### Task requirements:
Every record must be given again word for word; no picture belongs in the copy.
Data in this exercise Block Start
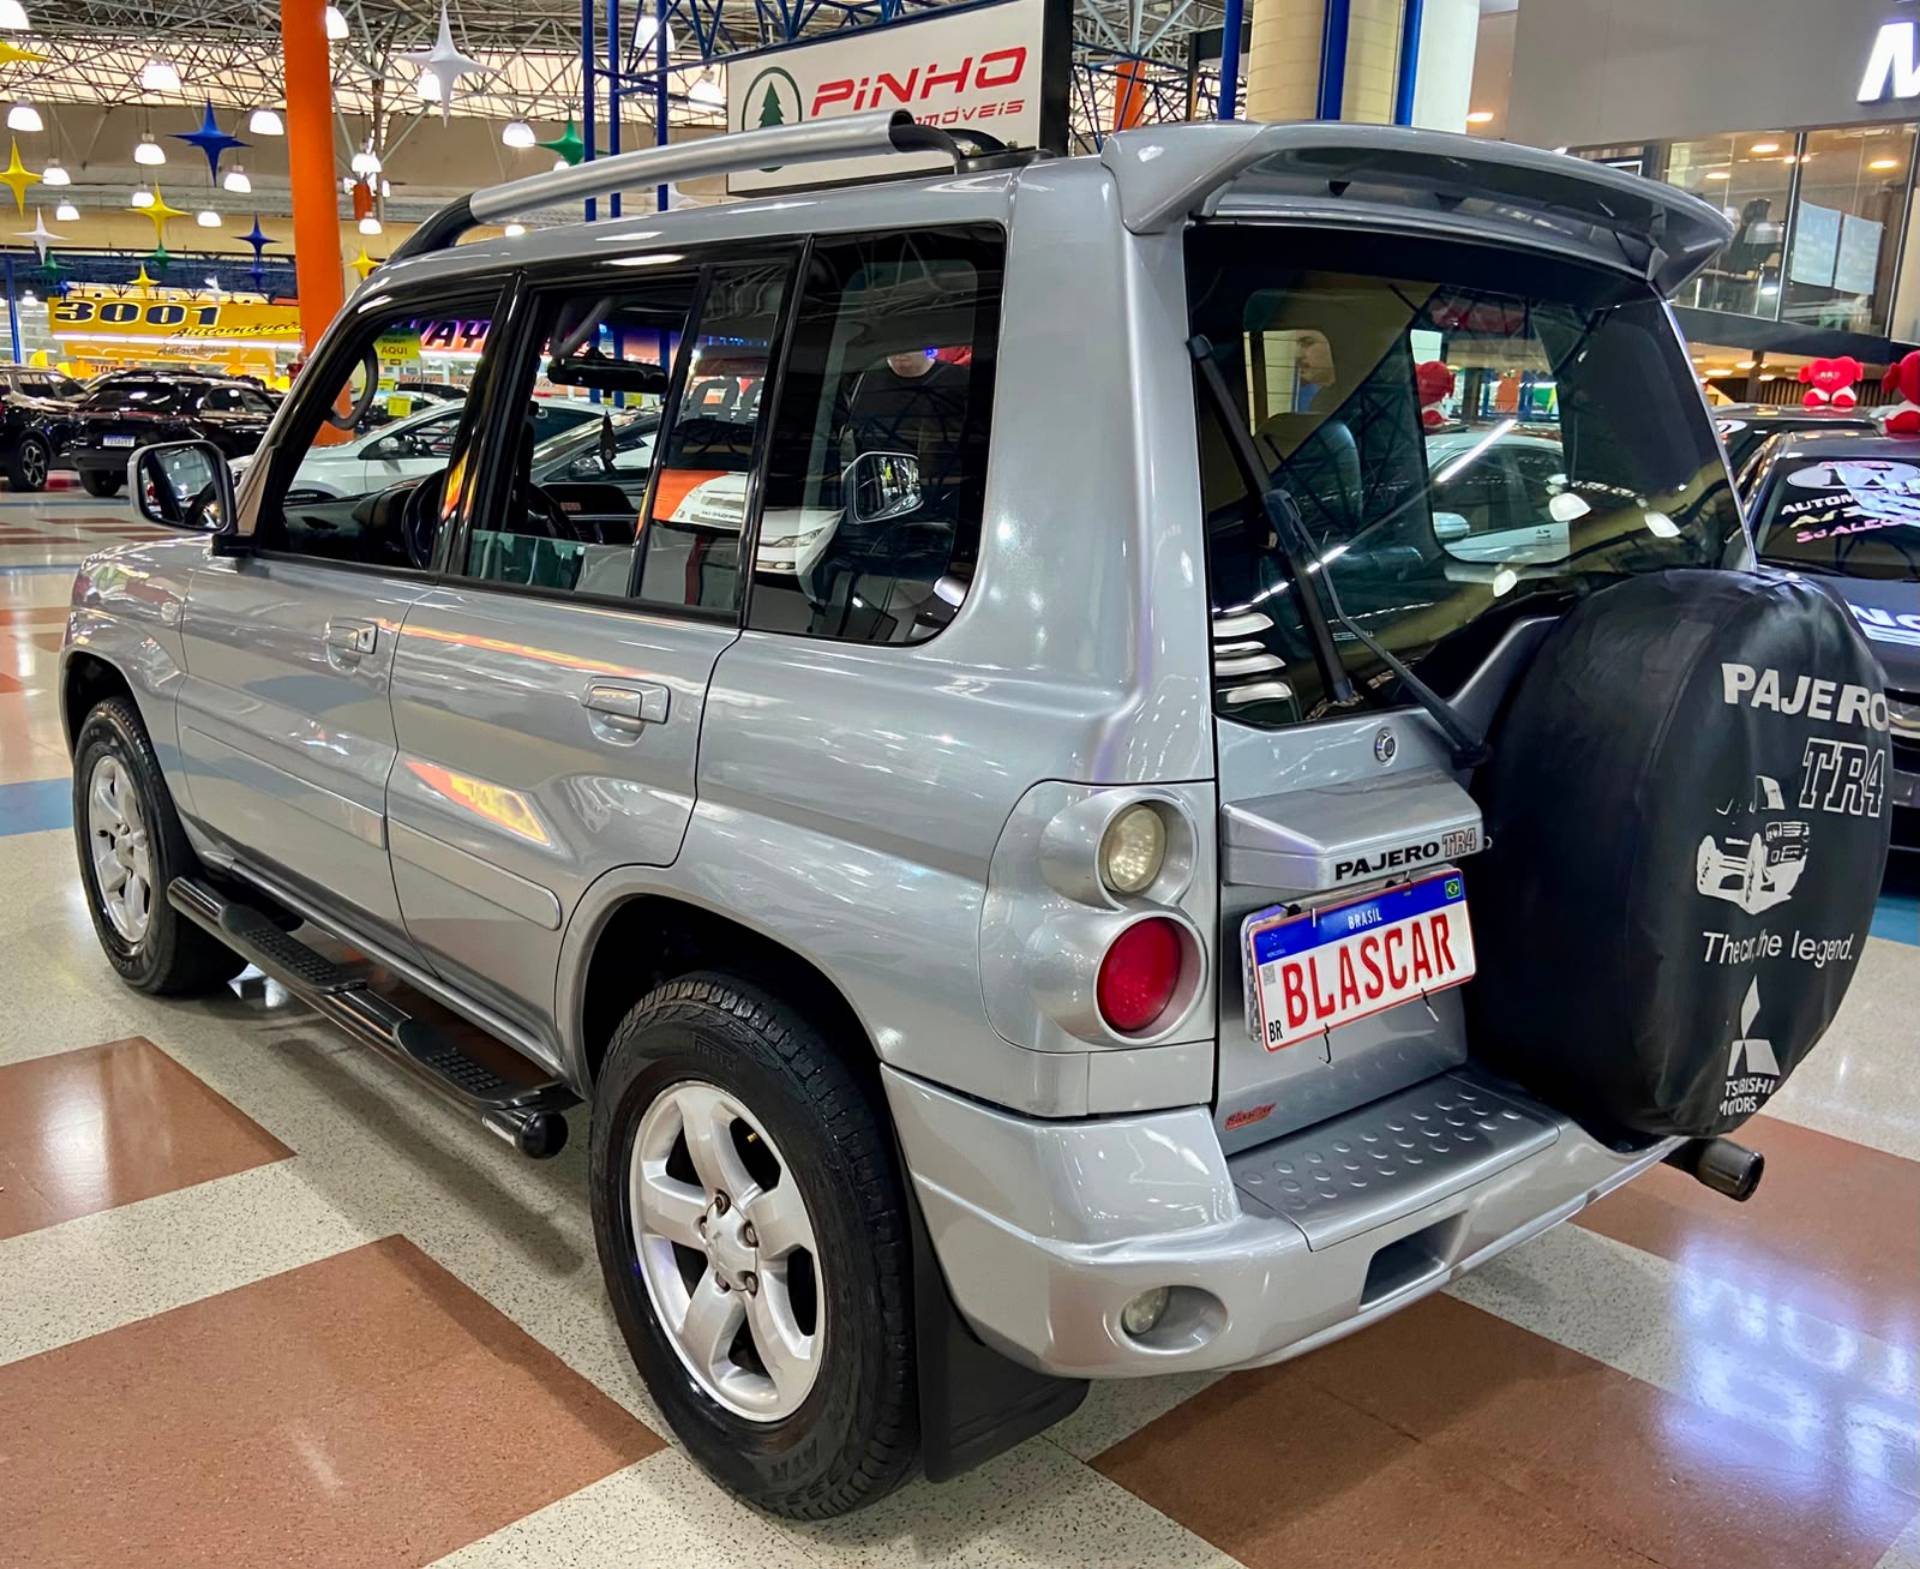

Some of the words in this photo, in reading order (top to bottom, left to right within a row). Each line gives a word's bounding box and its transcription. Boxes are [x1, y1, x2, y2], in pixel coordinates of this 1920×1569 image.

[54, 300, 221, 326] 3001
[1720, 663, 1889, 732] PAJERO
[1799, 737, 1885, 818] TR4
[1335, 842, 1440, 880] PAJERO
[1442, 828, 1478, 858] TR4
[1347, 907, 1383, 930] BRASIL
[1282, 913, 1456, 1029] BLASCAR
[1791, 930, 1854, 969] legend.
[1268, 1019, 1284, 1042] BR
Data in this exercise Block End
### Answer to this exercise:
Some of the words in this photo, in reading order (top to bottom, left to right within a row). Each line gives a word's bounding box and its transcription. Boxes are [x1, y1, x2, y2], in pixel coordinates of this 1920×1569 image.

[54, 300, 221, 326] 3001
[1720, 663, 1889, 732] PAJERO
[1799, 737, 1885, 818] TR4
[1335, 842, 1440, 880] PAJERO
[1442, 828, 1478, 858] TR4
[1347, 907, 1383, 930] BRASIL
[1282, 913, 1456, 1029] BLASCAR
[1791, 930, 1854, 969] legend.
[1268, 1019, 1284, 1042] BR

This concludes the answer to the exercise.